### DATASET RECORDS
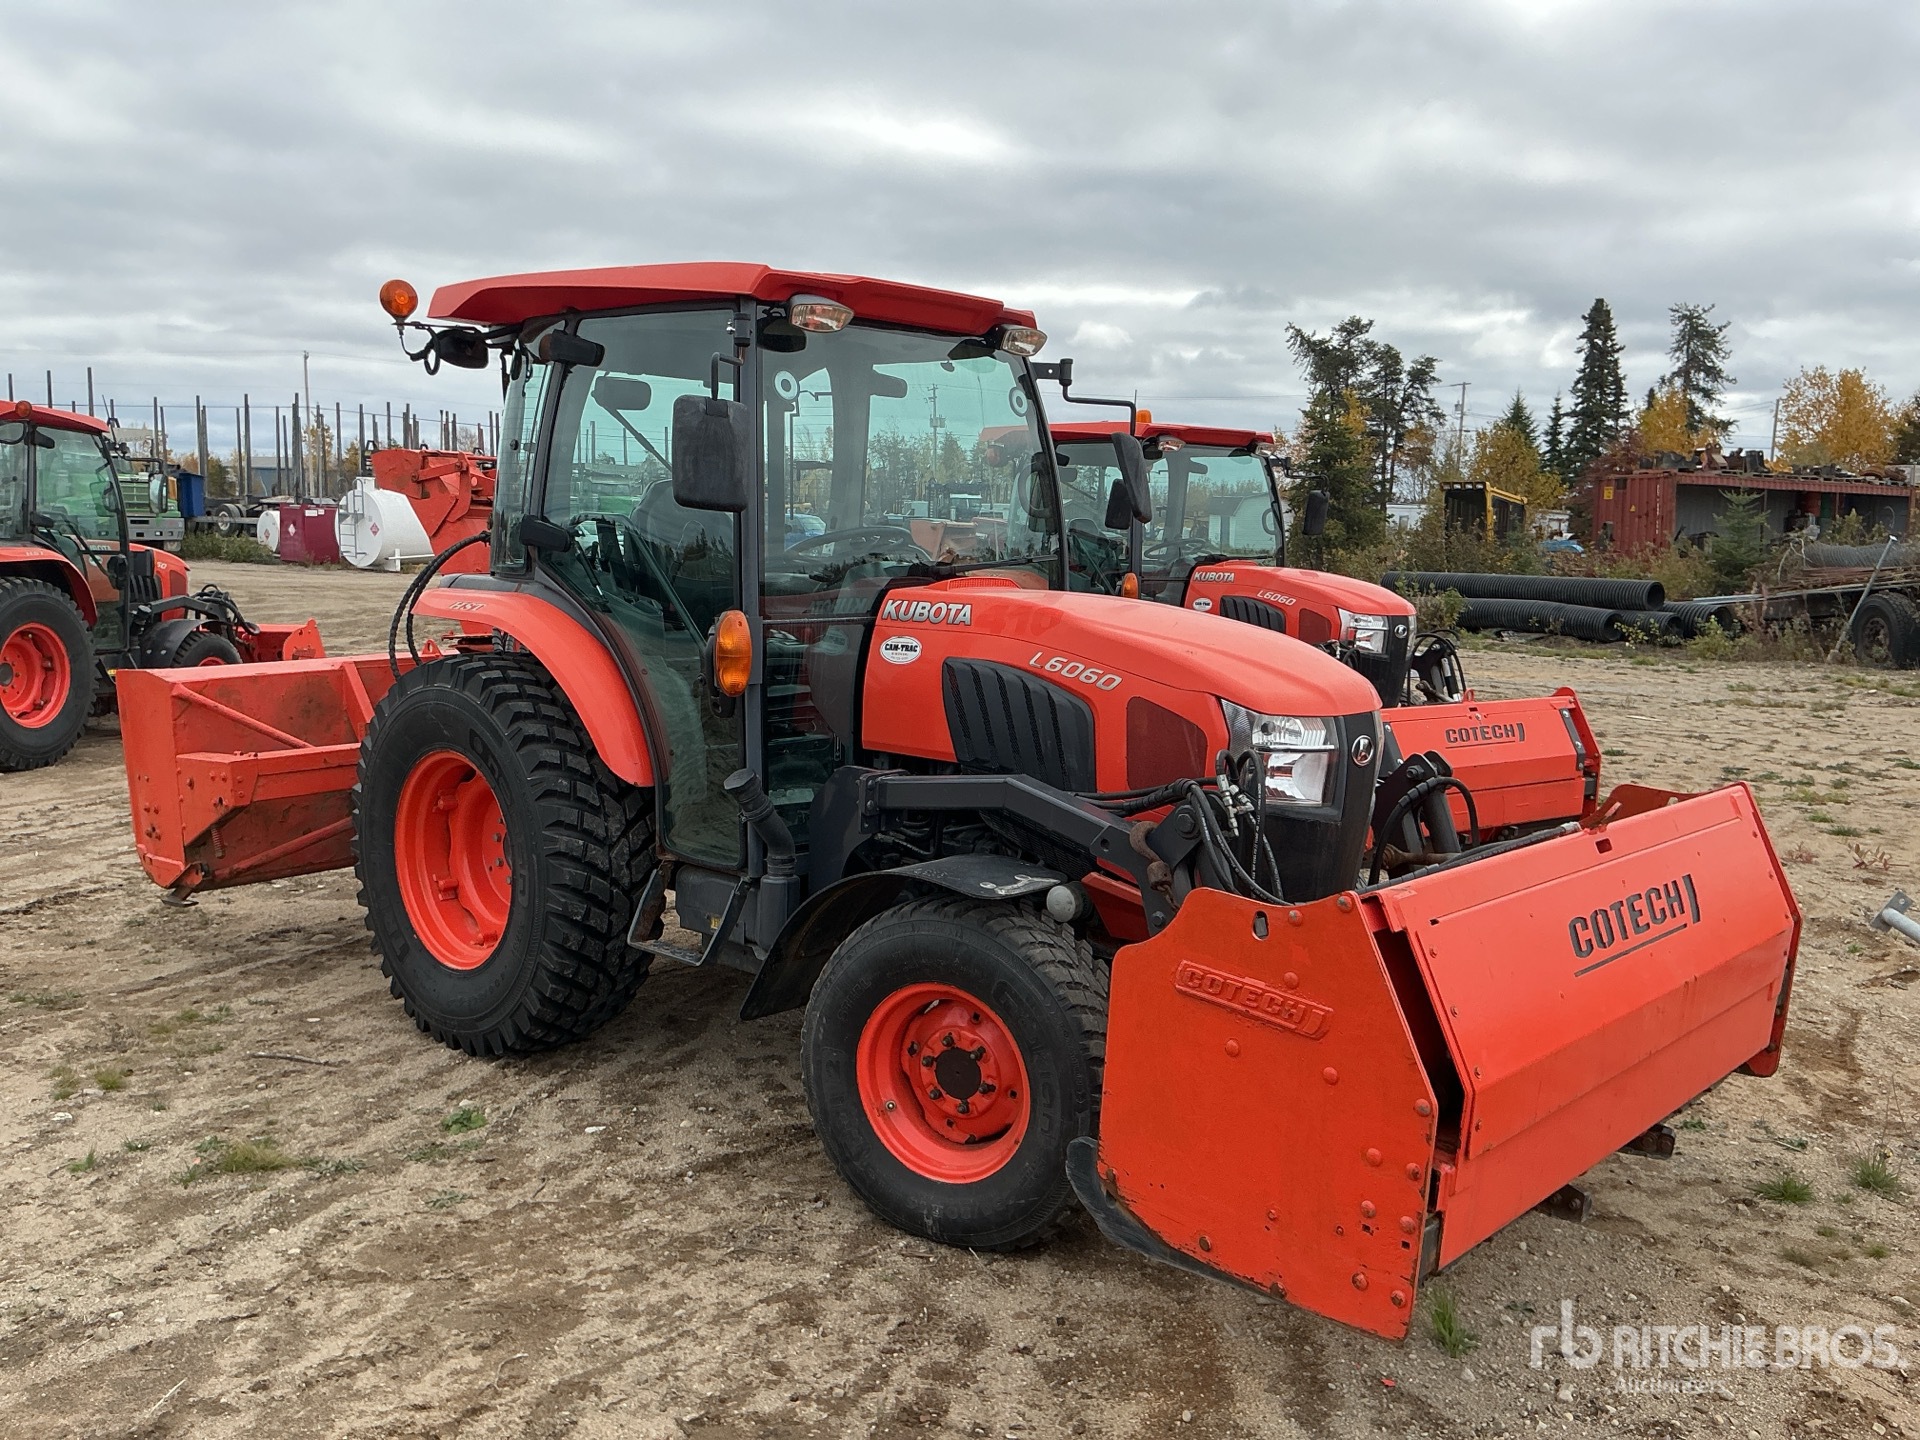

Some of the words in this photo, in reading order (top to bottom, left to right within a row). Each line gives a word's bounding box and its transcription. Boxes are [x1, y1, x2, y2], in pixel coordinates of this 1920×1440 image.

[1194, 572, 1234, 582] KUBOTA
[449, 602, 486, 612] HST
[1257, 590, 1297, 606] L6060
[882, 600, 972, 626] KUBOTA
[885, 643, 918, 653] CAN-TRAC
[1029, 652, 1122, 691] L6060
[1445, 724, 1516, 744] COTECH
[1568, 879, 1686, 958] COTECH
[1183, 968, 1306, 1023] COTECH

### EXERCISE PROMPT
The data above are to be repeated word for word, with any pictures left out.

### COMPLETED TASK
Some of the words in this photo, in reading order (top to bottom, left to right within a row). Each line gives a word's bounding box and its transcription. Boxes are [x1, y1, x2, y2], in pixel coordinates of this 1920×1440 image.

[1194, 572, 1234, 582] KUBOTA
[449, 602, 486, 612] HST
[1257, 590, 1297, 606] L6060
[882, 600, 972, 626] KUBOTA
[885, 643, 918, 653] CAN-TRAC
[1029, 652, 1122, 691] L6060
[1445, 724, 1516, 744] COTECH
[1568, 879, 1686, 958] COTECH
[1183, 968, 1306, 1023] COTECH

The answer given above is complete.